Support #17171
closedCeph-fuse client hangs on unmount
0%
Description
We use autofs/automount to mount/unmount ceph-fuse mounts and from time to time ceph-fuse client hangs on umount and never stops, uses memory etc. gdb revealed such trace;
```
#0 pthread_cond_timedwait@@GLIBC_2.3.2 () at ../nptl/sysdeps/unix/sysv/linux/x86_64/pthread_cond_timedwait.S:238
#1 0x00007f323b432b32 in WaitUntil (when=..., mutex=..., this=0x7f32461ab410) at ./common/Cond.h:72
#2 Client::unmount (this=0x7f32461aa5a0) at client/Client.cc:5614
#3 0x00007f323b3bbba1 in main (argc=<optimized out>, argv=<optimized out>, envp=<optimized out>)
at ceph_fuse.cc:266
```
Ceph-fuse client version: 10.2.1, platform Debian Jessie, 64bit
Updated by Greg Farnum over 7 years ago
- Tracker changed from Bug to Support
- Project changed from Ceph to CephFS
When are you doing this unmount? If it's on shutdown, and it happens to be unmounted after networking gets shut down, ceph-fuse is going to get stuck.
Otherwise, can you provide more details about exactly what's happening, and upload a log using ceph-post-file?
Updated by Arturas Moskvinas over 7 years ago
This happens during automount/autofs process decision to unmount filesystem when no process is using it for couple of minutes.

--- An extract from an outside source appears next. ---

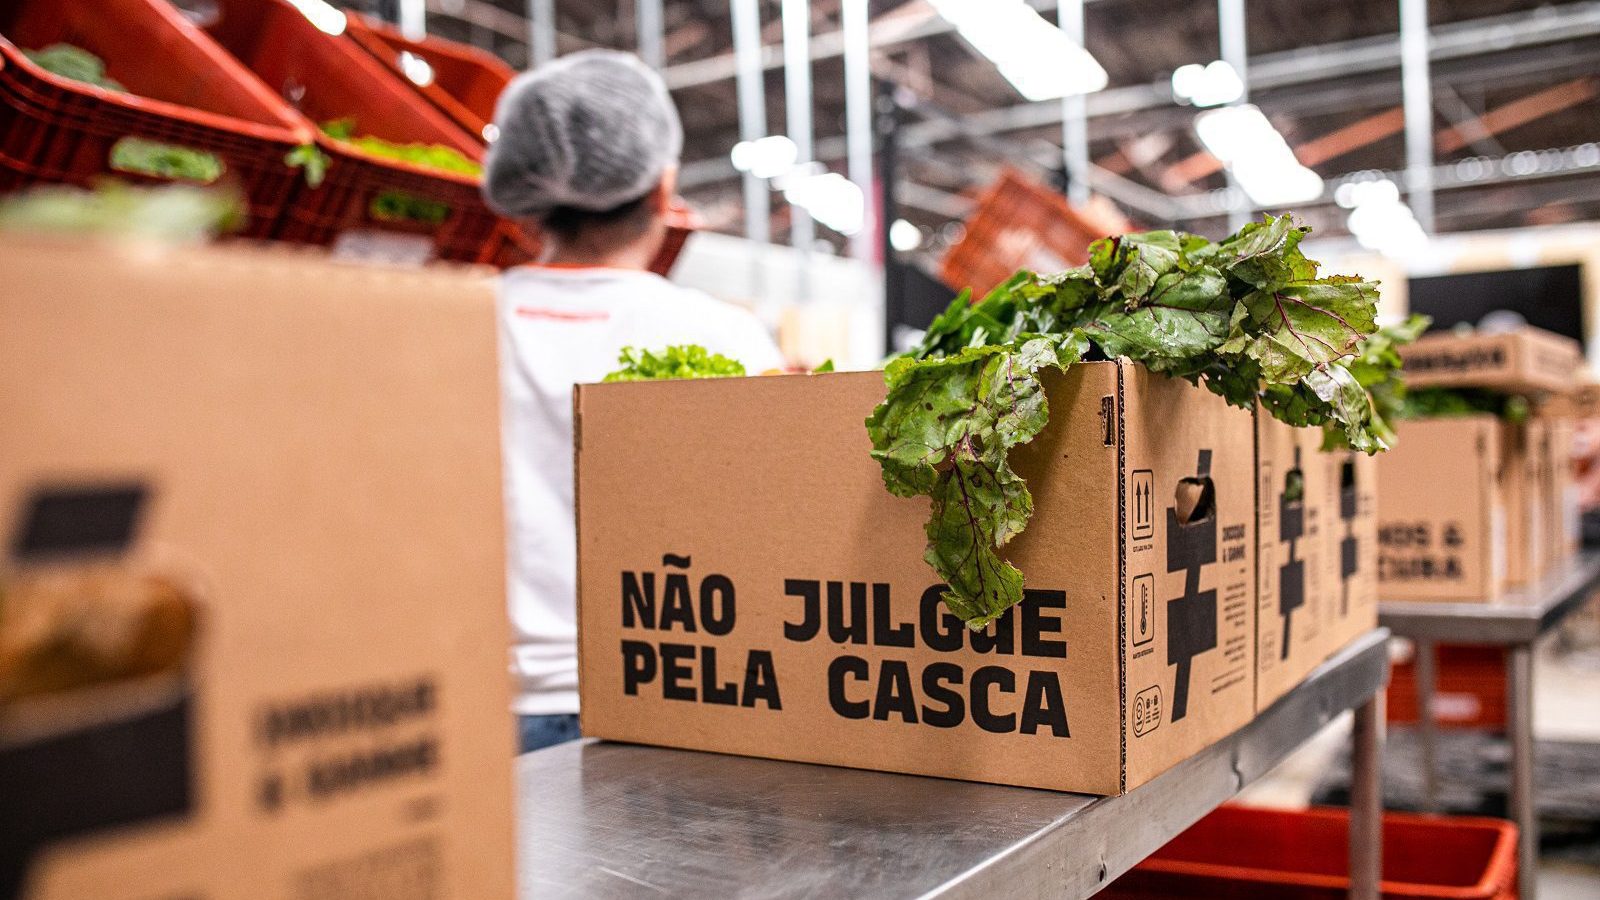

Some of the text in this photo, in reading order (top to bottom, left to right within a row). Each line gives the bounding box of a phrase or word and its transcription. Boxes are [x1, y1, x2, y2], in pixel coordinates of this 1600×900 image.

[621, 553, 736, 636] NÃO
[621, 640, 783, 711] PELA
[828, 655, 1071, 738] CASCA

Networking is always UP at the moment. I'll attach log a bit later.
Updated by Arturas Moskvinas over 7 years ago
Hmm, logs are at the moment pretty useless only contains such entries:
2016-09-01 07:15:01.319054 7fe081227e80 -1 init, newargv = 0x7fe08b128870 newargc=13 2016-09-01 08:15:01.502778 7f60f5c31e80 0 ceph version 10.2.1-2 (3a66dd4f30852819c1bdaa8ec23c795d4ad77269), process ceph-fuse, pid 22722 2016-09-01 08:15:01.508655 7f60f5c31e80 -1 asok(0x7f60ff00d9a0) AdminSocketConfigObs::init: failed: AdminSocket::bind_and_listen: failed to bind the UNIX domain socket to '/var/run/ceph/ceph-client.cephfs.asok': (17) File exists 2016-09-01 08:15:01.509217 7f60f5c31e80 -1 init, newargv = 0x7f60ff067870 newargc=13
I'll enable more logging and wait until similar situation happens.
Updated by Arturas Moskvinas over 7 years ago
Actually after several checks it seems like ceph is actually not responding from time to time due to very high load/disk failures and ceph-fuse can't 'unmount' such FS when it is stuck in such state. Not sure if this is feature or bug for ceph-fuse. Please triage if you want to dive deeper or close it as WONTFIX...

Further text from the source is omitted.